If you put it like that then the maxima is going to win.


----------



## Russell (Sep 11, 2005)

i'd say the maxima would win by a long shot at the current time. get the sentra fixed and i would say the sentra has it. anyone know the power to weight ratio on each car? that may tell the winner, or give a strong hint.


----------



## Triple-X (Nov 17, 2005)

xbrandonx said:


> If you put it like that then the maxima is going to win.


Why is that? The sentra needs some parts right now. It needs a windshield, headrest, and shiftknob. So you're telling me those are factors in which what car will win? If so, lmfao. 

Well yeah the maxima is going to win because it'll be racing by itself! Man, these forums aren't as good as I thought they'd be.


----------



## dundee (May 11, 2002)

Drivers being equal. The SE-R will win. I'd put money on it.


----------



## Triple-X (Nov 17, 2005)

Check this out, a 2001 maxima auto vs a sentra se-r spec v. My sentra that is better than a stock spec-v, being it has headers, full cat-back exhaust, and CAI. So these vids I think prove that the sentra will win over the maxima. 

http://videos.streetfire.net/Player.aspx?fileid=5B195A79-E66A-4B8C-A92A-9CF534CCB91B&term=se-r&p=2

http://videos.streetfire.net/Player.aspx?fileid=814452EF-7DA8-4A07-A0D5-61BD41703F64&term=se-r&p=2


----------



## xbrandonx (Mar 27, 2004)

Triple-X said:


> Why is that? The sentra needs some parts right now. It needs a windshield, headrest, and shiftknob. So you're telling me those are factors in which what car will win? If so, lmfao.
> 
> Well yeah the maxima is going to win because it'll be racing by itself! Man, these forums aren't as good as I thought they'd be.


I was under the impression it wasn't running. And if you want to be like that, *street racing posts are not allowed,* and no drag strip will let you run without a windshield.

SO yes, right now, the maxima has it. WHen the se-r is ready to go, the SE-R will take it.

And what is wrong with the forums? Your posting a hypothical race. a geo metro could beat a dodge viper if the viper breaks down and doesn't finish. Its whatever though, don't get upset.

The SE-R would will with the mods when it is ready.


You're gonna get your thread locked and closed because of those videos.


----------



## 200sxman (Nov 7, 2004)

Just wait and race on a track and see! There is no way for people hundreds and thousands of miles away to be able to know if your car will be some other car in a race. You would know better than any of us which car will win, so there's no point of even asking us. There are too many variables.
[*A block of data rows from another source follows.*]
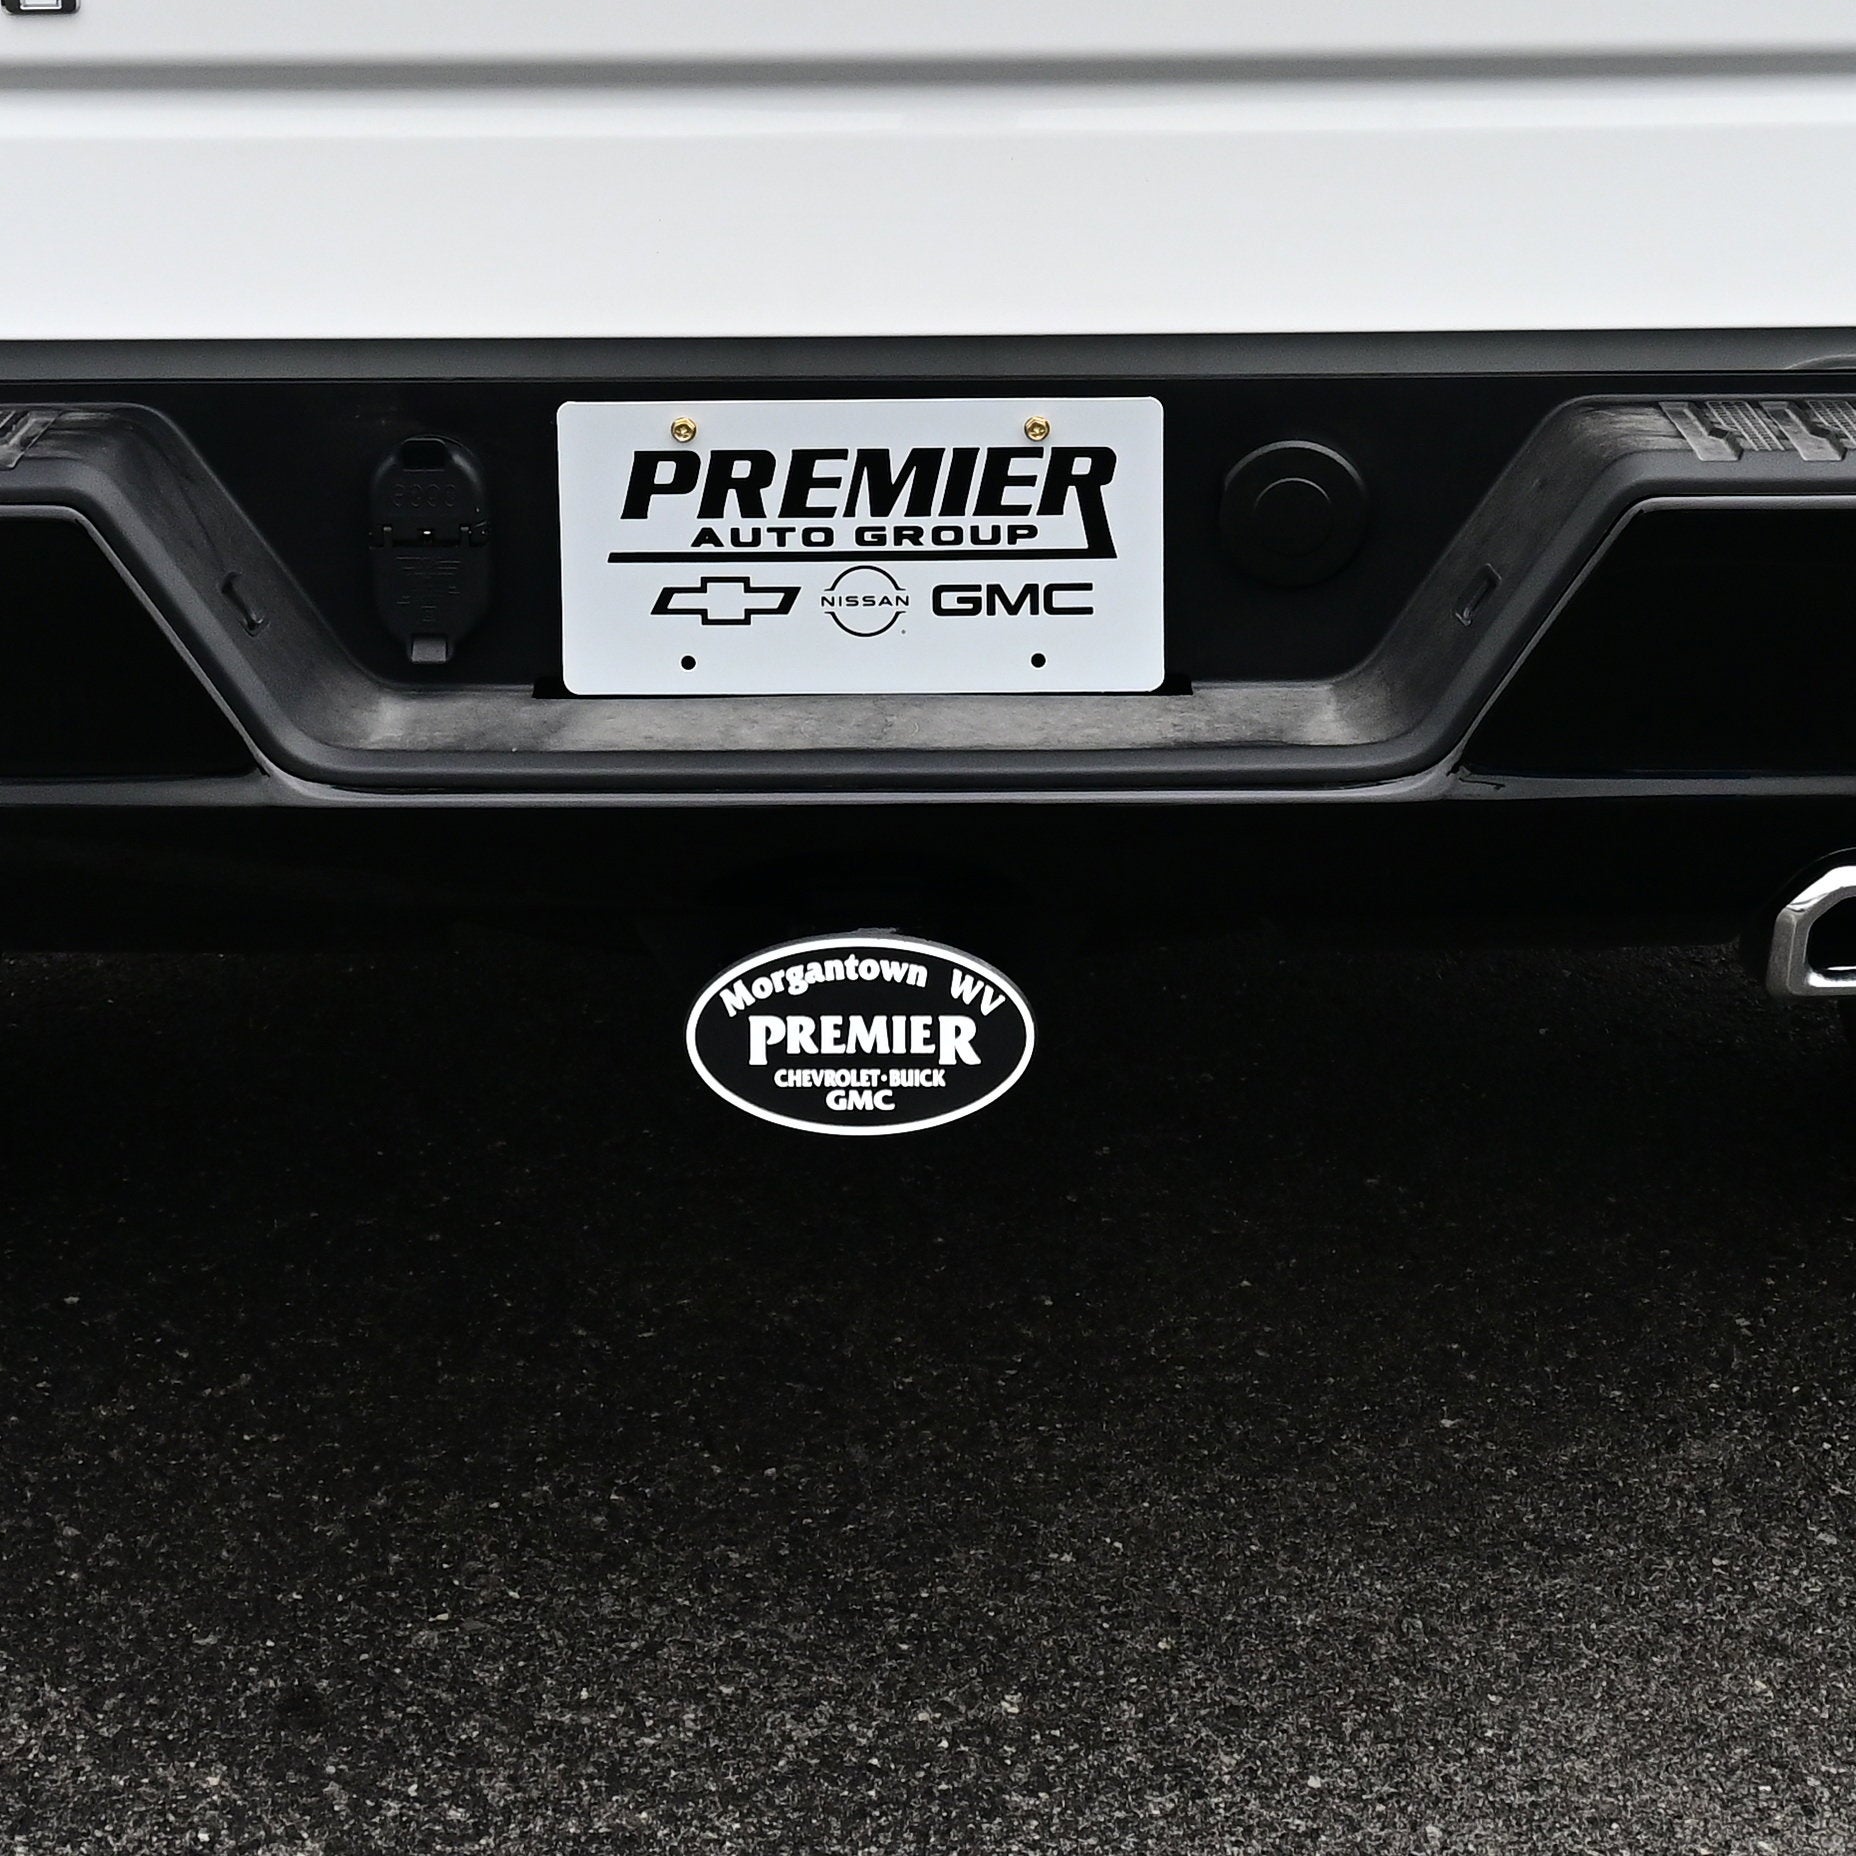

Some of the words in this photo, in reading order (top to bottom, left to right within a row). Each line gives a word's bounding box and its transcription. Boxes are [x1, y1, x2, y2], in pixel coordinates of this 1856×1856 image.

[620, 445, 1119, 559] PREMIER
[690, 525, 835, 549] AUTO
[854, 523, 1040, 548] GROUP
[820, 594, 911, 609] NISSAN
[931, 582, 1095, 617] GMC
[718, 953, 929, 1017] Morgantown
[949, 968, 1007, 1017] WV
[747, 1014, 982, 1067] PREMIER
[825, 1089, 896, 1111] GMC
Forum people aren't psychic, sorry. 
Wait, go to a track, race them, and THEN come post onto the forum TELLING us what happened. That way, whenever somebody else wants to race their 95 maxima with a 02 spec v, they can read your post and get an idea. Thats how these forums work.


----------



## Triple-X (Nov 17, 2005)

200sxman said:


> Just wait and race on a track and see! There is no way for people hundreds and thousands of miles away to be able to know if your car will be some other car in a race. You would know better than any of us which car will win, so there's no point of even asking us. There are too many variables. Forum people aren't psychic, sorry.
> Wait, go to a track, race them, and THEN come post onto the forum TELLING us what happened. That way, whenever somebody else wants to race their 95 maxima with a 02 spec v, they can read your post and get an idea. Thats how these forums work.


How would I know this? All I know is what the maxima is capable of. I've NEVER driven a sentra se-r before in my life. So i'm seeing what others' opinions are about the car. Maybe they;ve raced one before, or maybe they know, that's another reason there's forums. 
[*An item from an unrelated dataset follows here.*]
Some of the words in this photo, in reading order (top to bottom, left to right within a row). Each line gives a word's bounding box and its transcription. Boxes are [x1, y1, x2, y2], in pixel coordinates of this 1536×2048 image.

P.S. The sentra is just an SE-R, not a Spec V.


----------



## vector03 (Nov 12, 2003)

Triple-X said:


> How would I know this? All I know is what the maxima is capable of. I've NEVER driven a sentra se-r before in my life. So i'm seeing what others' opinions are about the car. Maybe they;ve raced one before, or maybe they know, that's another reason there's forums.
> 
> P.S. The sentra is just an SE-R, not a Spec V.



Wait let me get this straight.....you're asking about a hypothetical race, that hasn't taken place, in a car that's all banged up, that you've never driven, that's now got performance parts being put into it......does that about cover it? If I met you in real life and you told me this, I'd hit you with a brick and piss in the cut.


----------



## Triple-X (Nov 17, 2005)

vector03 said:


> Wait let me get this straight.....you're asking about a hypothetical race, that hasn't taken place, in a car that's all banged up, that you've never driven, that's now got performance parts being put into it......does that about cover it? If I met you in real life and you told me this, I'd hit you with a brick and piss in the cut.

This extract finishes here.